Timely and effective patient recruitment is a vital step in a successful clinical trial. However, it is a step that is often expensive and time-consuming. Figures from the NIH show that up to 75% of US investigators fail to meet their enrolment targets, with an alarming 27% failing to recruit a single patient.
With recruitment accounting for as much as third of a trial budget, delayed or underperforming recruitment can cause increased cost, low morale, and in certain cases, trial failure.
A modern solution
The issues are clear, but what is the solution? The answer may be in the device you are using to read this article.
Figures from 2014 showed that up to 89% of pharmaceutical companies were failing to notice the potential of non-traditional methods of recruitment.

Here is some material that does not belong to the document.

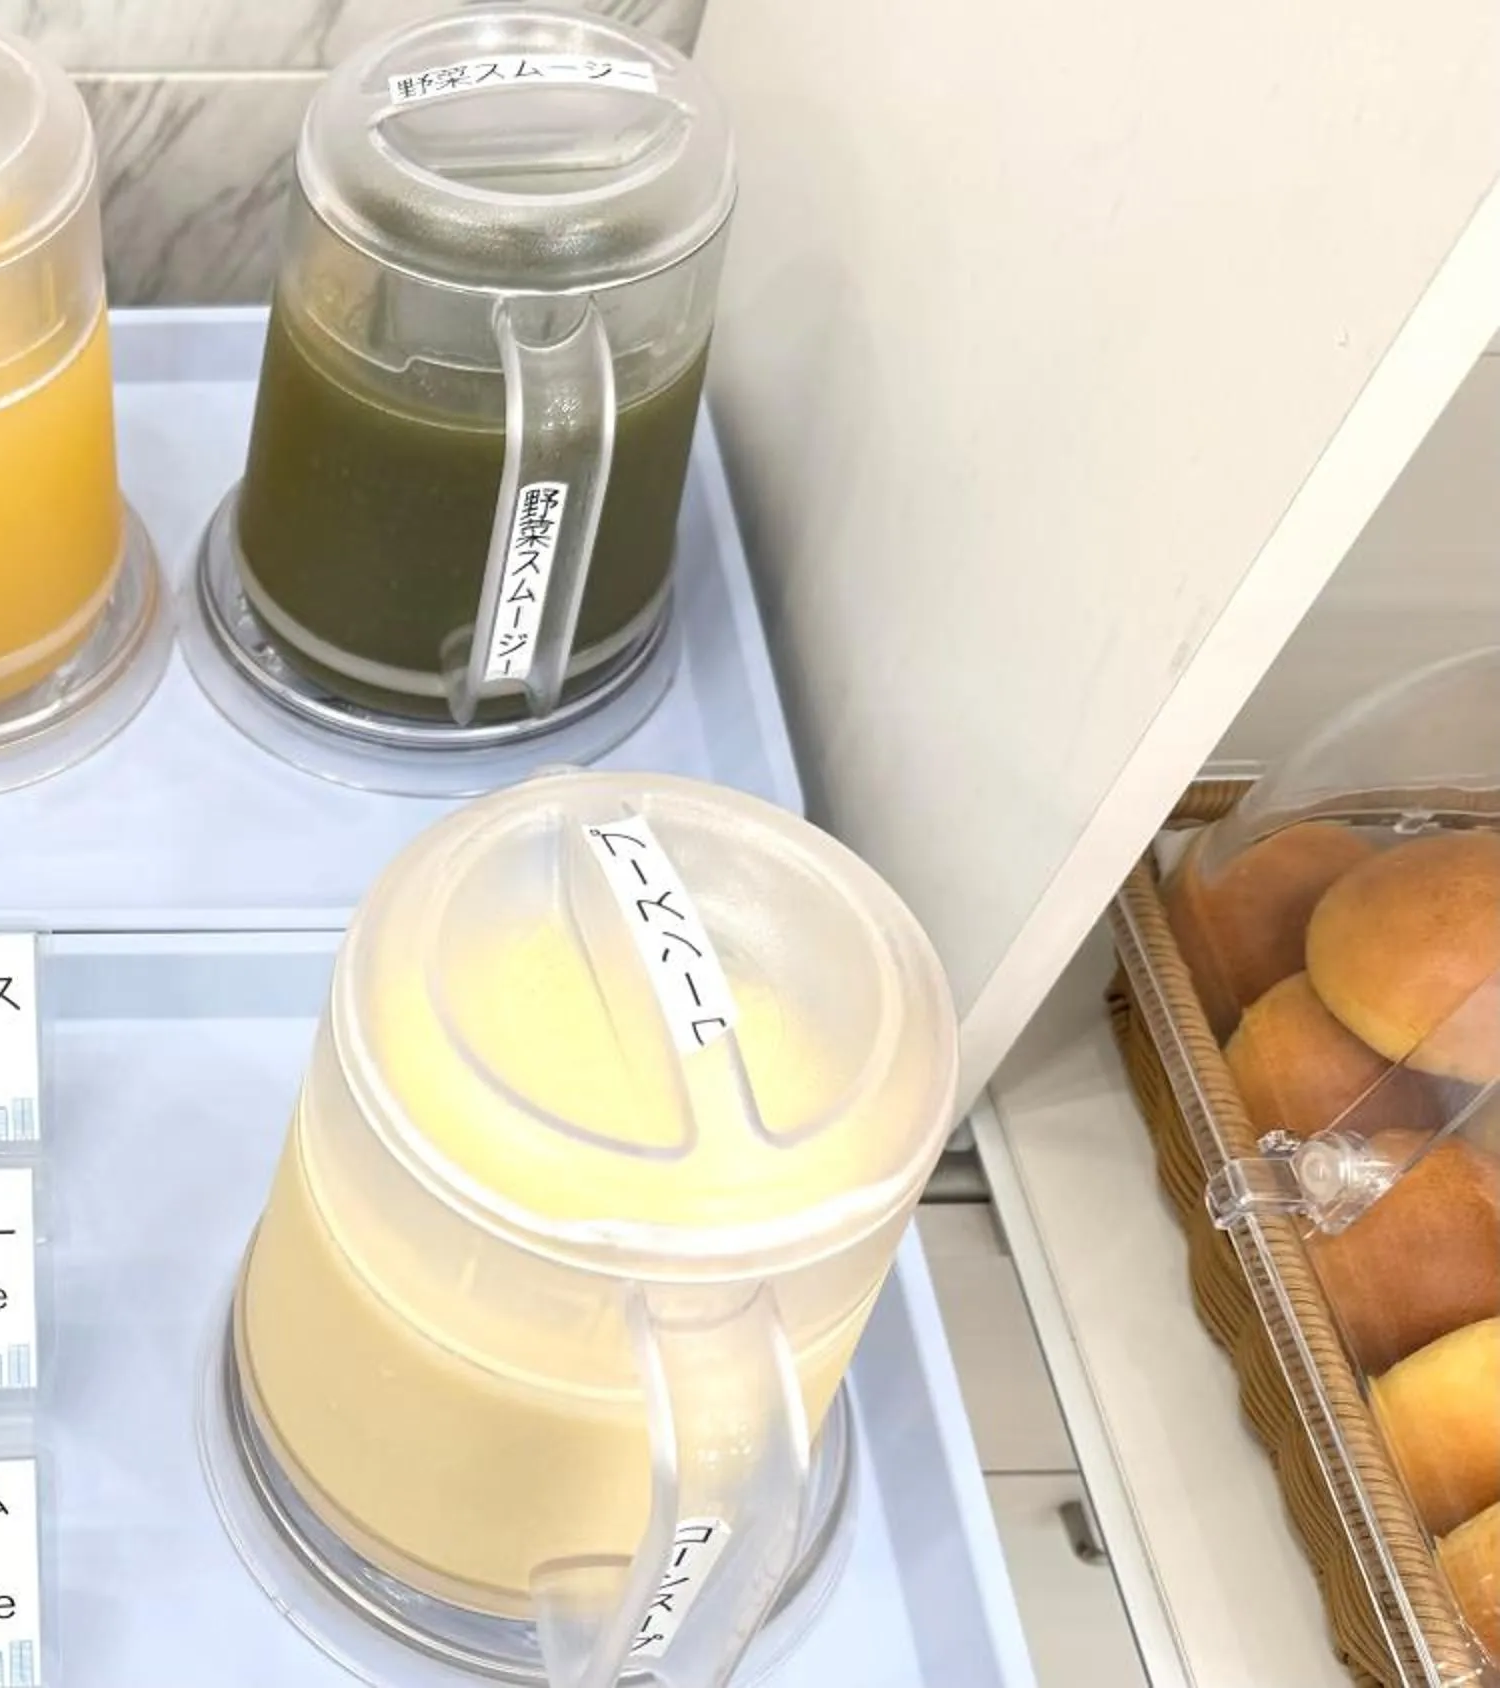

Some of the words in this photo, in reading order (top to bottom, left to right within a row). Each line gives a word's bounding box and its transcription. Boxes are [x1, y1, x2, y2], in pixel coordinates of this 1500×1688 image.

While this is no doubt changing, many companies have plenty of room to improve. To put things into perspective, an estimated 7% of daily searches on Google are health-related – that’s roughly 70,000 every minute.
With regards to social media, we currently have 2.5 billion active Facebook users worldwide. A survey conducted by Wego Health found that in a group of 400 patients, 94% were part of a health-related group on social media. These groups can be engaged with through ad targeting and direct sharing of information. Technology is rapidly changing traditional patient organisations, with many more informal groups arising around specific challenges and conditions.
Making it happen
At Enzyme Communications, we build bespoke digital campaigns for patient recruitment. Our team has experience in locating and engaging patients with extremely rare disease all the way through to the conditions we are all familiar with.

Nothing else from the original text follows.